Been thinking about this a lot lately as our team debates which AI coding CLI to standardize on.
The headline numbers tell an interesting story:
- OpenCode: 112K+ GitHub stars (and climbing fast—hit 126K by March)
- Claude Code: 71K stars
If you stopped there, OpenCode wins by a mile. Open source, MIT licensed, supports 75+ LLM providers, gorgeous TUI built in Go. The community is passionate and growing.
But then you look at the usage data and the picture flips:
- Claude Code: ~4% of all public GitHub commits (135K/day as of February, 326K/day by mid-March)
- OpenCode: …crickets on actual commit share data
That’s the gap that caught my eye. Stars measure interest. Commits measure adoption in real workflows. And those are very different things.
The “Stars Are Vanity” Argument
I’ve seen this pattern before in the design tools space. Figma had fewer “fans” than Sketch for years, but the actual usage numbers told a completely different story. People starred Sketch because they wanted to support it. People used Figma because it solved their problems.
OpenCode stars could be:
- Developers bookmarking it for “someday”
- People supporting open source on principle
- Curiosity clicks from the HN/Reddit front page
- Legitimate daily users
Meanwhile Claude Code’s commit numbers are hard to fake—every Co-authored-by: Claude tag is a real code change that went through a real workflow.
But Here’s What Makes It Complicated
The OAuth drama changes everything. In January 2026, Anthropic silently blocked OpenCode from using Claude models via consumer OAuth tokens. Then in February, they updated their ToS to explicitly ban third-party tools from using Pro/Max plan tokens.
This is where “stars are vanity, commits are sanity” gets uncomfortable. Claude Code’s commit dominance might partly reflect Anthropic closing the door on alternatives rather than winning on pure merit. If you can’t use Claude through OpenCode anymore, of course Claude Code’s numbers go up.

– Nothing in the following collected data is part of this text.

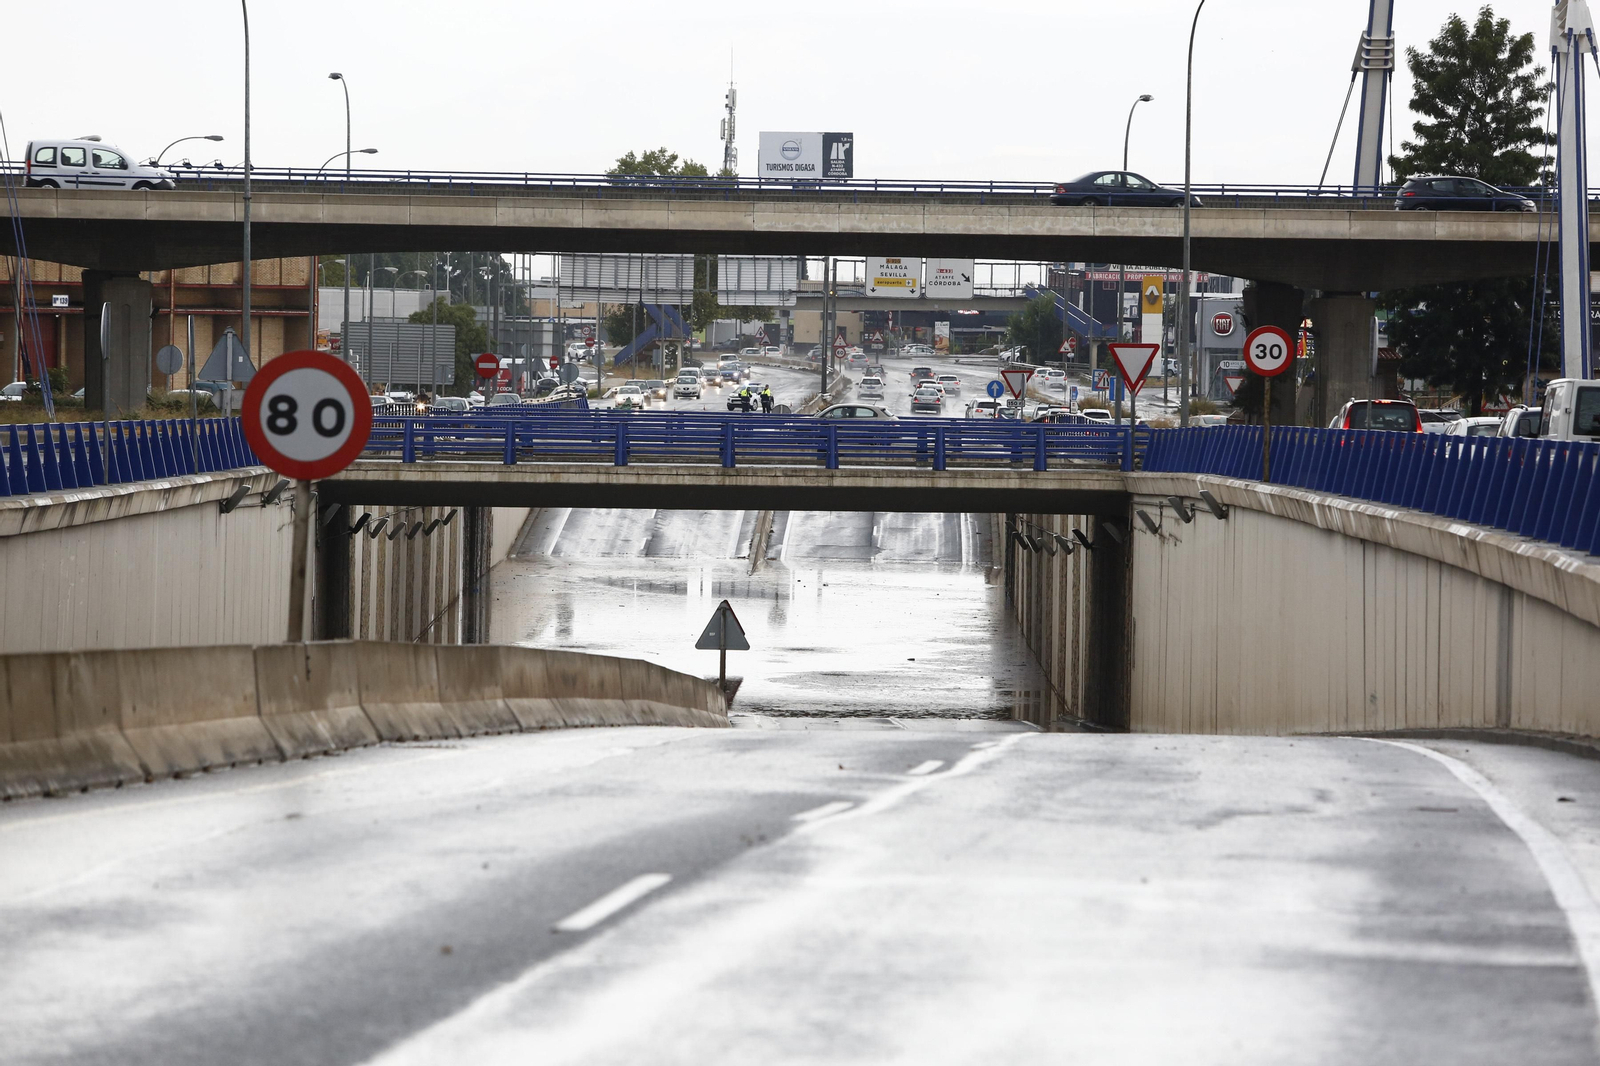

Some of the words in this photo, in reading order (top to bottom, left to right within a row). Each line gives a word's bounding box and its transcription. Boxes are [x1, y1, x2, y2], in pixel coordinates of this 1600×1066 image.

[766, 163, 794, 172] TURISMOS
[795, 163, 816, 172] DIGASA
[1216, 319, 1230, 330] FIAT
[1255, 344, 1282, 360] 30
[266, 394, 346, 438] 80

OpenCode responded by launching their own API gateways (Black and Zen), but the damage to the “use any model through any tool” dream was real.
What I’m Actually Wondering
For teams choosing right now:
- Is provider lock-in acceptable if the tool genuinely ships more code?

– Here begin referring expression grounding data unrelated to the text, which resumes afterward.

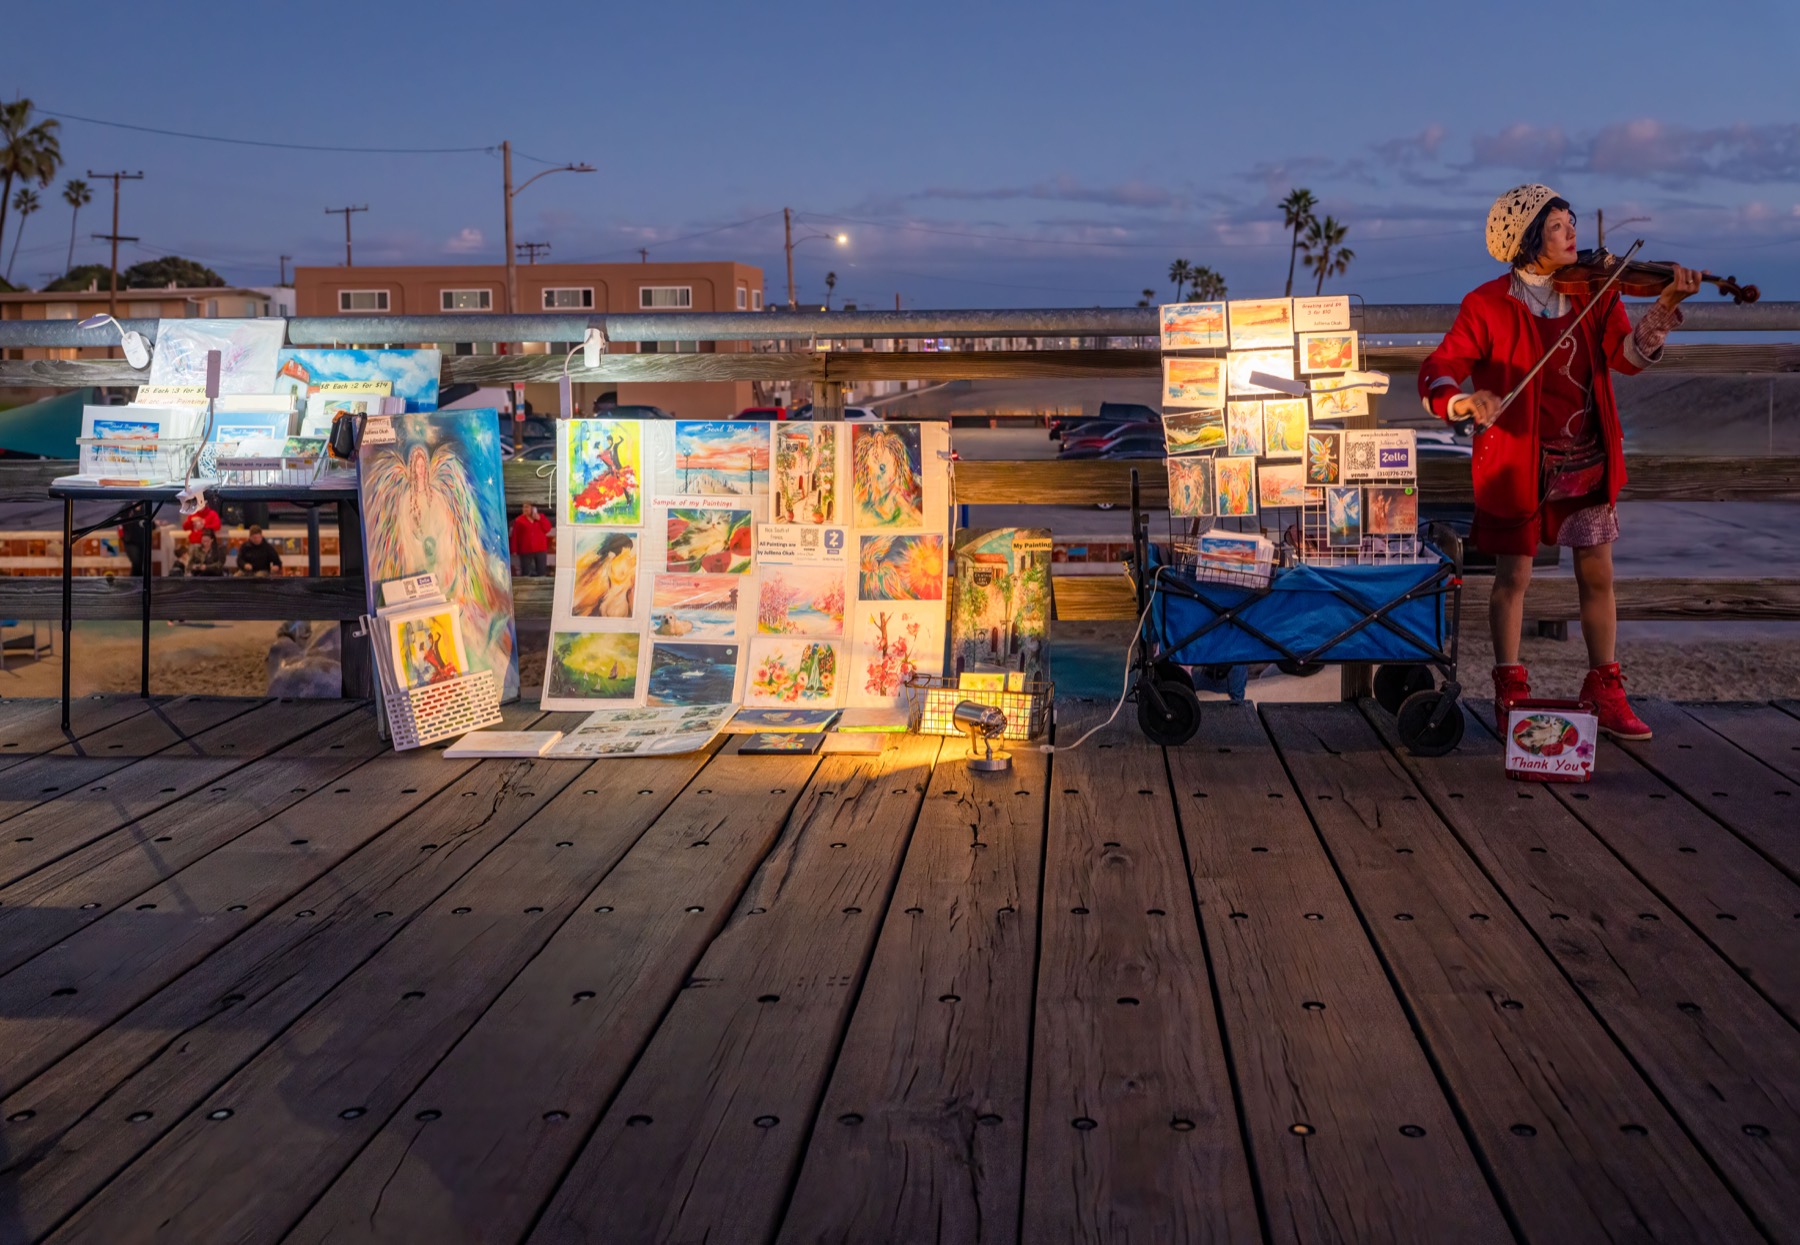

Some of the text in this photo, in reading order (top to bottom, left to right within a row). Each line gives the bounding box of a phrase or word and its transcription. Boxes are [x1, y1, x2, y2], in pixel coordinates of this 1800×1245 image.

[704, 423, 753, 433] Seal Beach
[1382, 452, 1407, 463] Zelle
[653, 498, 676, 507] Sample
[702, 499, 733, 508] Paintings
[1511, 756, 1579, 771] Thank You

- Does OpenCode’s model flexibility actually matter when most developers end up using Claude or GPT-5 anyway?
- Are stars a leading or lagging indicator? Maybe OpenCode’s community enthusiasm translates to better tooling 12 months from now.
- How do you even measure “better” when Claude Code claims 46% “most loved” in the Pragmatic Engineer survey but OpenCode claims 2.5M monthly developers?

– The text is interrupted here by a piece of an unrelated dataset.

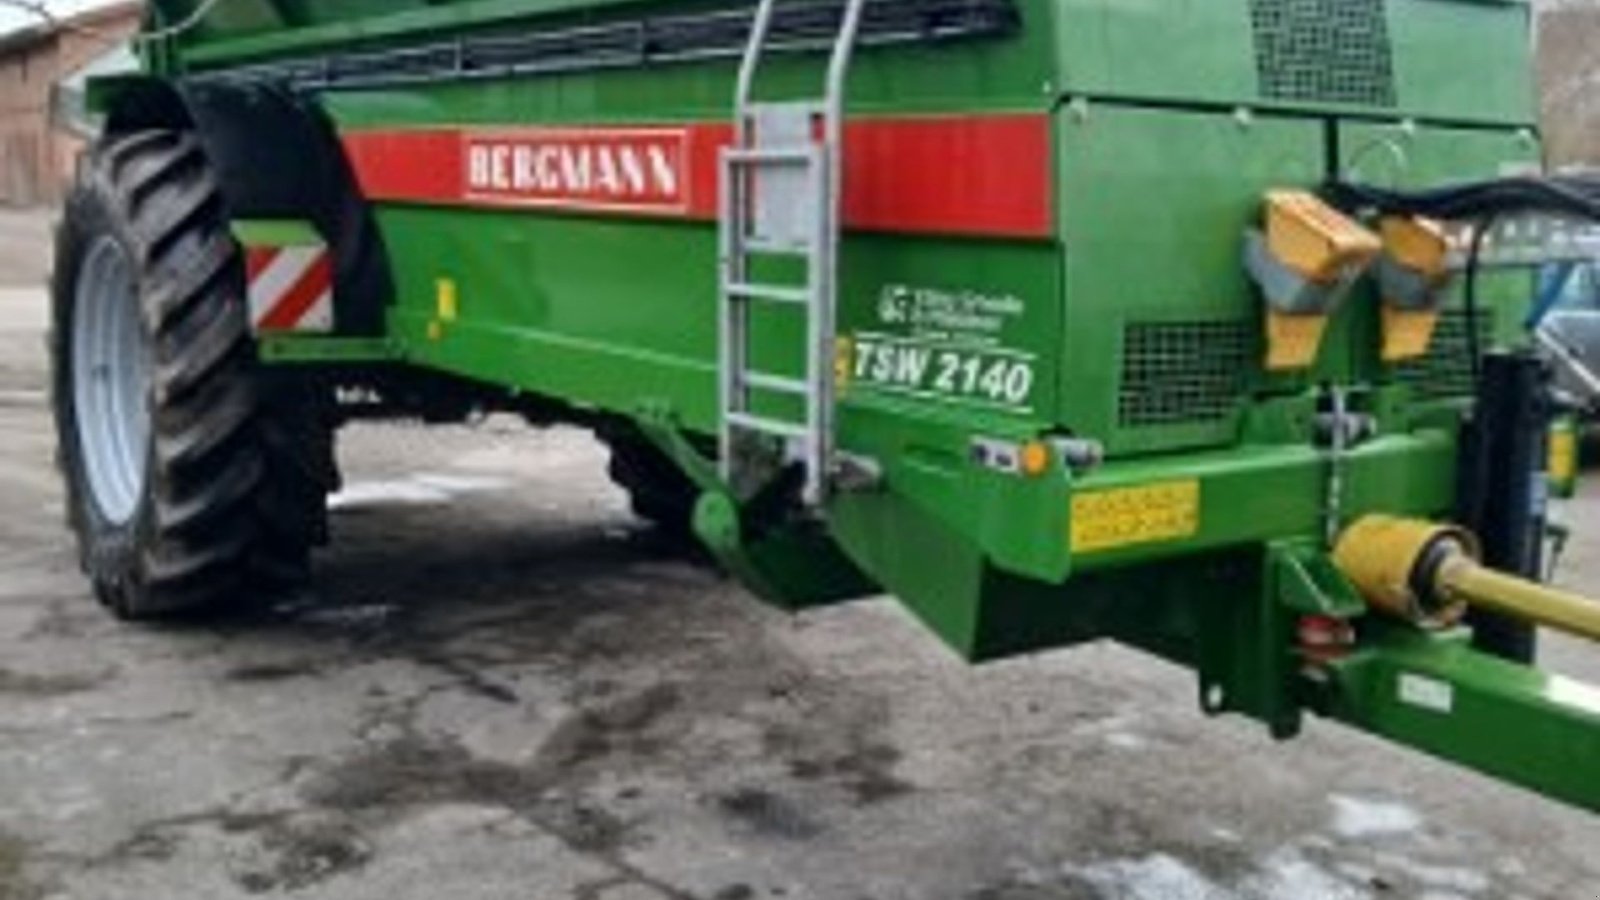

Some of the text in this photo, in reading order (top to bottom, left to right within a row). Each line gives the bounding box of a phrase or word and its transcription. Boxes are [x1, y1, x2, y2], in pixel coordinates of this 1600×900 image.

The SemiAnalysis projection that Claude Code will hit 20%+ of all daily GitHub commits by end of 2026 is wild if true. That’s not a coding assistant anymore—that’s infrastructure.
Curious what y’all are seeing on your teams. Are people self-selecting tools, or is there a top-down decision? And which metric actually matters for the decision—stars, commits, or something else entirely?